Set branches according to the ear, ensure the ventilation and light transmission conditions of the shelf surface, and save nutrition. It is appropriate to have one branch of about 25 cm, one plant with no more than 7 ears of fruit, and generally one branch with one bunch of fruit.

3. coring

the purpose of coring is to stop the growth of new shoots and promote the growth, flowering and fruit setting of inflorescences, which is conducive to improving the fruit setting rate. If you have enough leaves, you can pick the core. Grapes in greenhouse should be picked early. Generally, 4 ~ 5 leaves should be left above the ear for picking the core of the main shoot. Remove the secondary tip, leaving only one secondary tip of summer bud at the top, leaving 3 ~ 4 leaves for repeated coring, and the cage surface is ventilated and light-permeable.

VII. Flower and fruit management

Before flowering, spray the leaves and inflorescences with .2% boron fertilizer solution, and sparse the ears and grains according to the fruit setting situation 1-15 days after flowering, leaving two ears for the strong-growing fruiting branches, one ear for the moderate-growing fruiting branches and one ear for the weak-growing fruiting branches. Keep 7 ears of fruit per plant and 6 ~ 8 grains per ear.

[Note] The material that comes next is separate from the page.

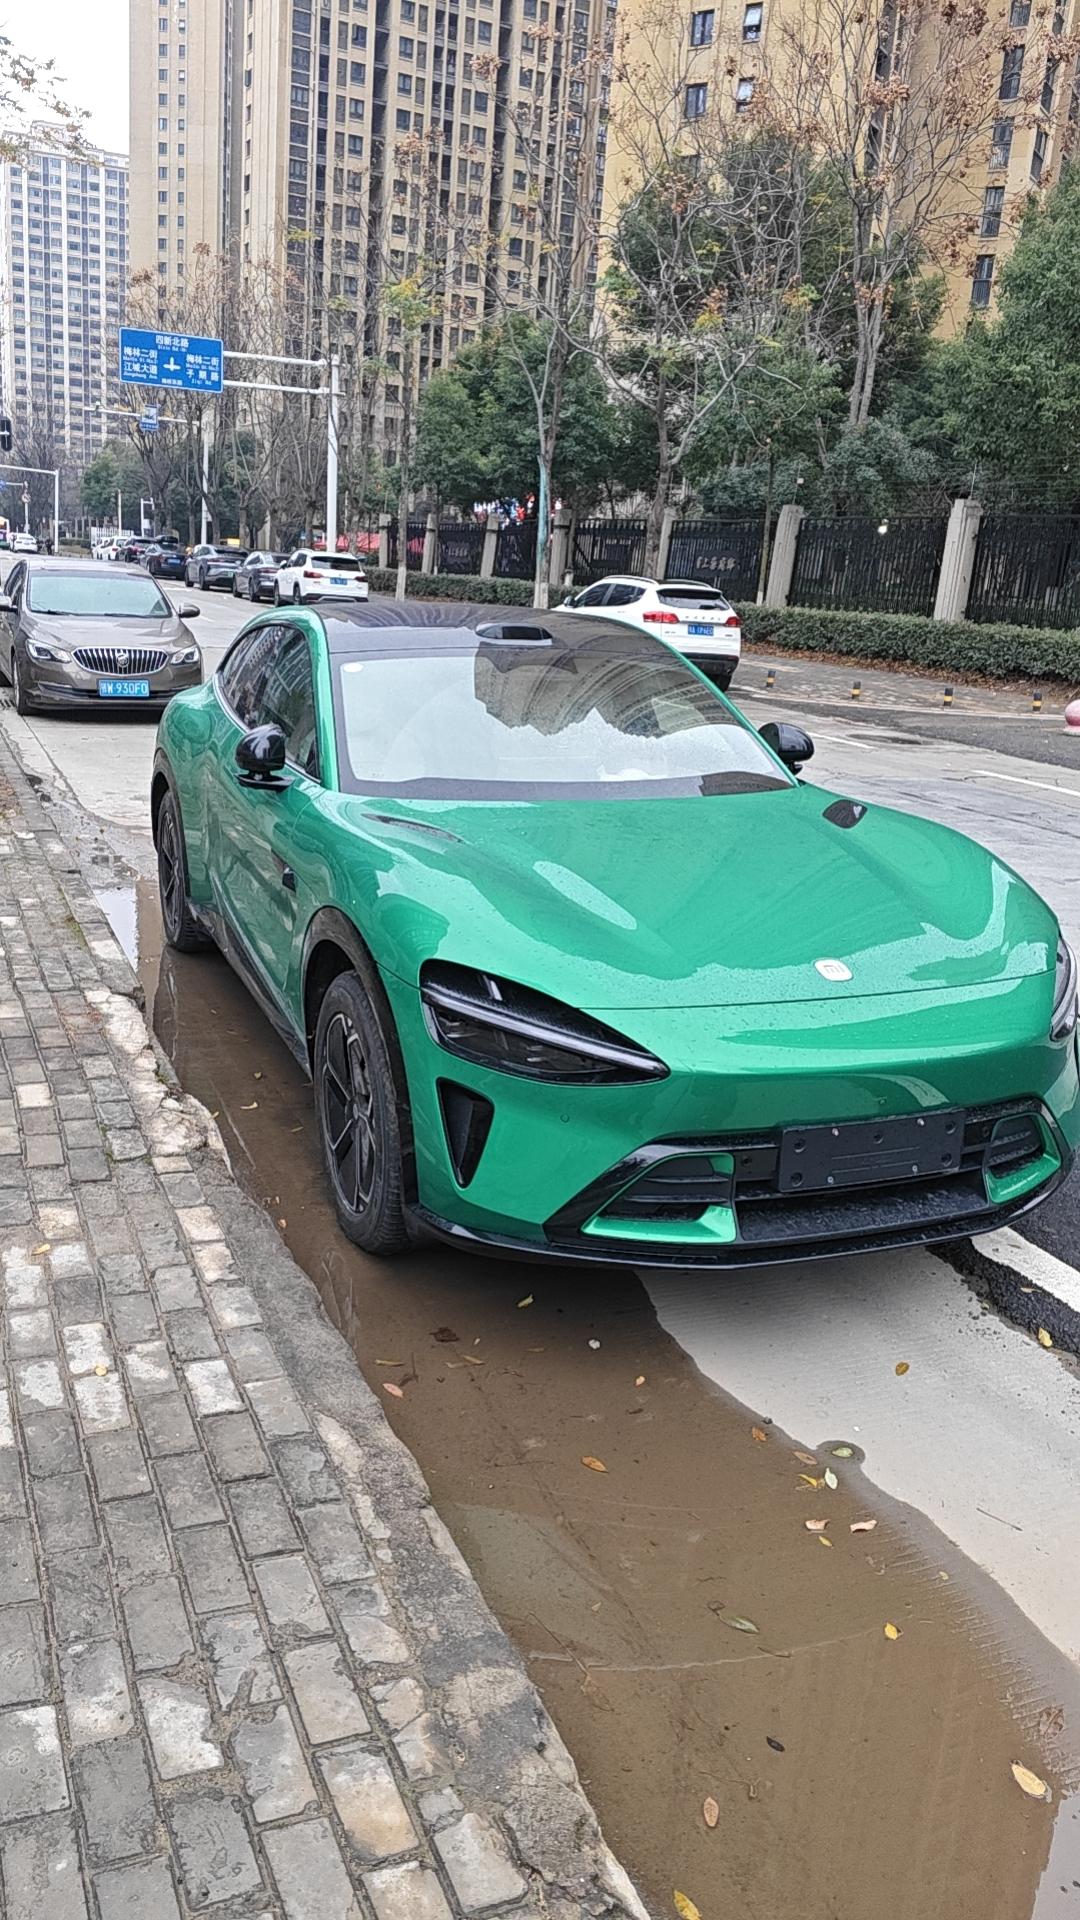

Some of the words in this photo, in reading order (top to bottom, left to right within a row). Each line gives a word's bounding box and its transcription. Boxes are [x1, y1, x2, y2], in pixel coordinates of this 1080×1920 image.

VIII. Prevention and control of pests and diseases

When the grapes are taken off the shelf, thoroughly clean the fallen leaves and branches and burn them centrally. During the growth period, the secondary shoots and tendrils should be removed in time to improve the ventilation and light transmission conditions. Spraying Bubomei 3 ~ 5 degree sulfur mixture before germination after excavation to eliminate residual germs on branches and vines, spraying 5% carbendazim 6 times solution before flowering to prevent gray mold, and preventing downy mildew and powdery mildew with Cobo, Essentials and Spray respectively.